▸ What needs to be done:
Write the records out again, exactly.

▸ Listed entries:
▬▬▬

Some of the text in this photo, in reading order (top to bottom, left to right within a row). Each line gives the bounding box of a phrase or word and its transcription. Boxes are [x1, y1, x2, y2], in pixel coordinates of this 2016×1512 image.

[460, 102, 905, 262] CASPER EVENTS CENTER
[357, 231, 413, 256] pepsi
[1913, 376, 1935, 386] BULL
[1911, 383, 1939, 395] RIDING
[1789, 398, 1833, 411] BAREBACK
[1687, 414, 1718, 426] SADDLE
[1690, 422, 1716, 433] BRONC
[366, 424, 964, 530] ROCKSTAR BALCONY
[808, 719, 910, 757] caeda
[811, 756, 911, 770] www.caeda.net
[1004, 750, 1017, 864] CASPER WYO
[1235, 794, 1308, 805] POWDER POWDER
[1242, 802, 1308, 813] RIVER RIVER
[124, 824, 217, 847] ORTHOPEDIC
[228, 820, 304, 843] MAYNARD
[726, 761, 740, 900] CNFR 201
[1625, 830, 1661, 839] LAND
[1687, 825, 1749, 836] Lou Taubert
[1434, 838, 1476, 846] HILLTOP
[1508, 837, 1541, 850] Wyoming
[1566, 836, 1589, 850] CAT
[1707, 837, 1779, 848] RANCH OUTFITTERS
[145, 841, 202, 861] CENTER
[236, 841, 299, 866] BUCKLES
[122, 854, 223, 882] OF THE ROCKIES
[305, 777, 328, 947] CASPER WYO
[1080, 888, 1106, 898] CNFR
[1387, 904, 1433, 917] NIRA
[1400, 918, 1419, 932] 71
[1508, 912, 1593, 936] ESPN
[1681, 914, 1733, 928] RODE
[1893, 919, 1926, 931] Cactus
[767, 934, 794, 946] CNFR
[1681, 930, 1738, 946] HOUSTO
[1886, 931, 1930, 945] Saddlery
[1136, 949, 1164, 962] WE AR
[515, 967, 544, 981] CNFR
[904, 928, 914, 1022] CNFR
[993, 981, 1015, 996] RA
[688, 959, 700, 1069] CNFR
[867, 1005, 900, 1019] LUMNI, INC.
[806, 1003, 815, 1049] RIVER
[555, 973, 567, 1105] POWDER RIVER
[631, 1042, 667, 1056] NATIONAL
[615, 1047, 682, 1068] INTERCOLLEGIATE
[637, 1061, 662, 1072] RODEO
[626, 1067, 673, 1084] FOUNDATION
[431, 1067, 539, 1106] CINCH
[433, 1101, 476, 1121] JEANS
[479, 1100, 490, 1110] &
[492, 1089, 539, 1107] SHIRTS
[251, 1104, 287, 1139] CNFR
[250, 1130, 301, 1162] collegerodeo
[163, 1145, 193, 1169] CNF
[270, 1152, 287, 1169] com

▬▬▬

▸ Your solution:
Some of the text in this photo, in reading order (top to bottom, left to right within a row). Each line gives the bounding box of a phrase or word and its transcription. Boxes are [x1, y1, x2, y2], in pixel coordinates of this 2016×1512 image.

[460, 102, 905, 262] CASPER EVENTS CENTER
[357, 231, 413, 256] pepsi
[1913, 376, 1935, 386] BULL
[1911, 383, 1939, 395] RIDING
[1789, 398, 1833, 411] BAREBACK
[1687, 414, 1718, 426] SADDLE
[1690, 422, 1716, 433] BRONC
[366, 424, 964, 530] ROCKSTAR BALCONY
[808, 719, 910, 757] caeda
[811, 756, 911, 770] www.caeda.net
[1004, 750, 1017, 864] CASPER WYO
[1235, 794, 1308, 805] POWDER POWDER
[1242, 802, 1308, 813] RIVER RIVER
[124, 824, 217, 847] ORTHOPEDIC
[228, 820, 304, 843] MAYNARD
[726, 761, 740, 900] CNFR 201
[1625, 830, 1661, 839] LAND
[1687, 825, 1749, 836] Lou Taubert
[1434, 838, 1476, 846] HILLTOP
[1508, 837, 1541, 850] Wyoming
[1566, 836, 1589, 850] CAT
[1707, 837, 1779, 848] RANCH OUTFITTERS
[145, 841, 202, 861] CENTER
[236, 841, 299, 866] BUCKLES
[122, 854, 223, 882] OF THE ROCKIES
[305, 777, 328, 947] CASPER WYO
[1080, 888, 1106, 898] CNFR
[1387, 904, 1433, 917] NIRA
[1400, 918, 1419, 932] 71
[1508, 912, 1593, 936] ESPN
[1681, 914, 1733, 928] RODE
[1893, 919, 1926, 931] Cactus
[767, 934, 794, 946] CNFR
[1681, 930, 1738, 946] HOUSTO
[1886, 931, 1930, 945] Saddlery
[1136, 949, 1164, 962] WE AR
[515, 967, 544, 981] CNFR
[904, 928, 914, 1022] CNFR
[993, 981, 1015, 996] RA
[688, 959, 700, 1069] CNFR
[867, 1005, 900, 1019] LUMNI, INC.
[806, 1003, 815, 1049] RIVER
[555, 973, 567, 1105] POWDER RIVER
[631, 1042, 667, 1056] NATIONAL
[615, 1047, 682, 1068] INTERCOLLEGIATE
[637, 1061, 662, 1072] RODEO
[626, 1067, 673, 1084] FOUNDATION
[431, 1067, 539, 1106] CINCH
[433, 1101, 476, 1121] JEANS
[479, 1100, 490, 1110] &
[492, 1089, 539, 1107] SHIRTS
[251, 1104, 287, 1139] CNFR
[250, 1130, 301, 1162] collegerodeo
[163, 1145, 193, 1169] CNF
[270, 1152, 287, 1169] com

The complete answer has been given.